In running an outdoor program, we can identify the behaviors and capacities that we value in our team, the ones that we want to promote and measure. For example, we might want to advise staff that it's always okay to ask questions pertaining to safety concerns. We might want to promote an organizational environment in which staff can always call "time out" to stop an activity when they have safety concerns. We might want to encourage staff giving safety-related feedback to their supervisors. Many safety issues in outdoor programs occur outside of the actual student program environment (e.g. after hours, at a basecamp, in the equipment storage facility, commuting between program sites, etc) so we might want to explicitly call for safety -related concerns pertaining to those locations. Another example could be giving staff permission to break a policy if doing so actually makes the participants safer. There was a recent example of this, in which a conservation corps in a remote area was abruptly threatened by wildfires, and made the urgent (and effective) decision to load participants into the beds of pickup trucks and drive carefully down the road to safety. While this broke their mandatory seatbelt policy, it almost certainly left them safer as a result of breaking this policy. The ability to use critical thinking and adaptive capacity to do what's best despite the rules is a great example of positive capacities, described below.

All of these behaviors are ones that Dekker calls positive capacities, examples of critical thinking, situational awareness, or innovation that help us overcome factors that might otherwise lead to an incident. In addition to measuring the rate of injuries or illnesses over time, which is a perfectly valid and useful step for an organization to take, we can also measure culture and shape it by identifying the positive capacities we want to see staff embody, and report on those rates over time as well.
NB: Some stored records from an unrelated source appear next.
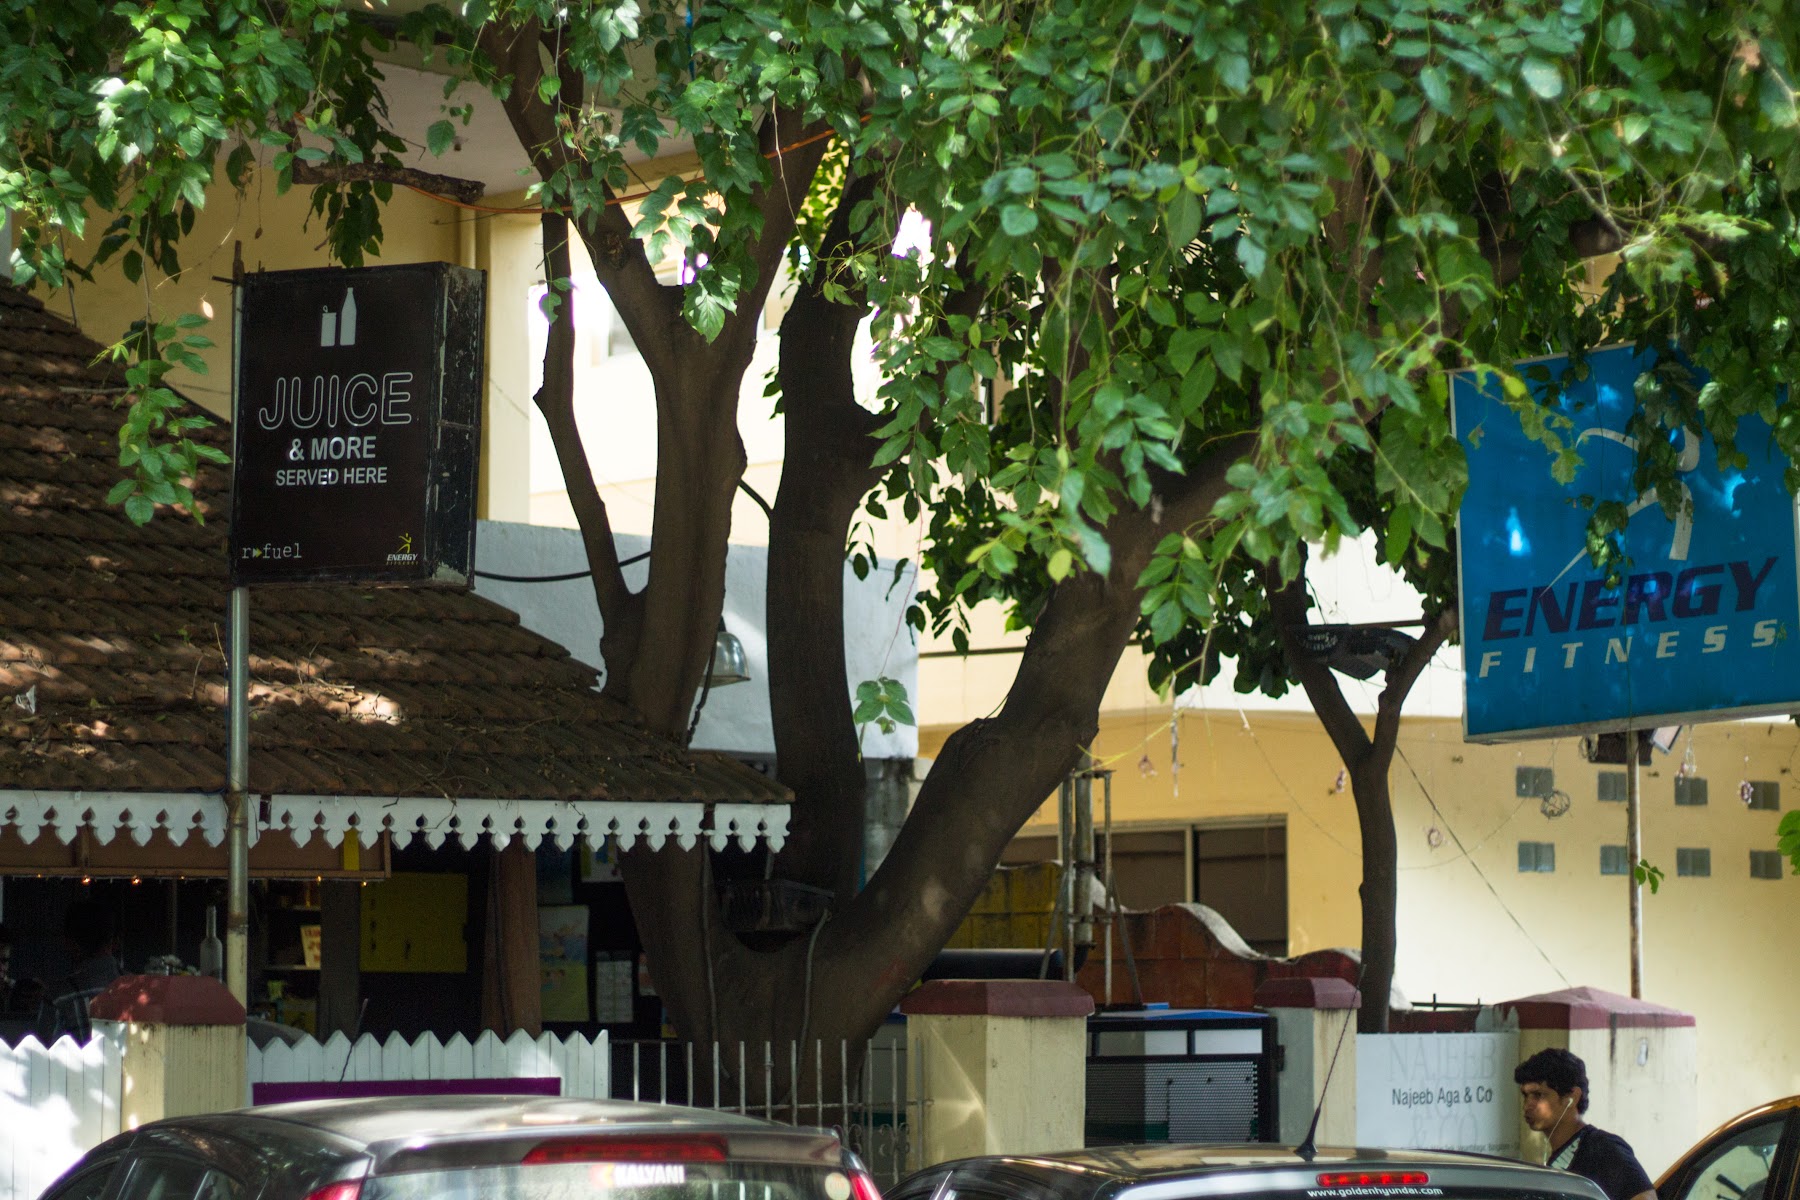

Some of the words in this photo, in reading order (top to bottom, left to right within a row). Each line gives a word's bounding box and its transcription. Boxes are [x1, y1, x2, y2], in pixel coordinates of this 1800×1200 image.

[258, 371, 414, 431] JUICE
[288, 437, 305, 461] &
[310, 436, 377, 460] MORE
[275, 468, 339, 486] SERVED
[343, 467, 388, 484] HERE
[387, 553, 418, 561] ENERGY
[1482, 556, 1779, 642] ENERGY
[1479, 619, 1778, 679] FITNESS
[1391, 1088, 1434, 1109] Najeeb
[1437, 1086, 1460, 1108] Aga
[1463, 1086, 1473, 1104] &
[1476, 1085, 1494, 1103] Co
[615, 1163, 685, 1187] KALYANI
[1307, 1186, 1444, 1198] www.goldenhyundai.com
Some practical concerns naturally arise with this approach. First, what to measure? In addition to the examples given above, each program needs to clearly identify and define the desirable behaviors, explain what constitutes a reportable positive capacity, and train to that standard. Another concern about this approach is that we make good choices all the time, and that if we stopped to document each one, that we wouldn’t have time to do our actual jobs. This is valid and true, and the intent is not to get in the way of getting our work done, but to actively identify positive capacities when relevant and helpful, and to positively reinforce those behaviors so that they become cultural norms.

In other words, it may be impossible to measure all the positive capacities that we embody as we go about the complex work of making decisions and running an outdoor program, but accurately measuring them is not as important as identifying them, training to them, and perpetuating those behaviors to promote the culture that you are seeking. There is more to safety than the absence of negatives, and each organization has an opportunity to define for themselves what those positive capacities are that they are seeking in their risk management culture.


It has been said that we can't understand marriage by studying divorce - likewise, we can't understand safety by only looking at instances that were not safe. We must evolve to consider what goes well, not just what has gone wrong.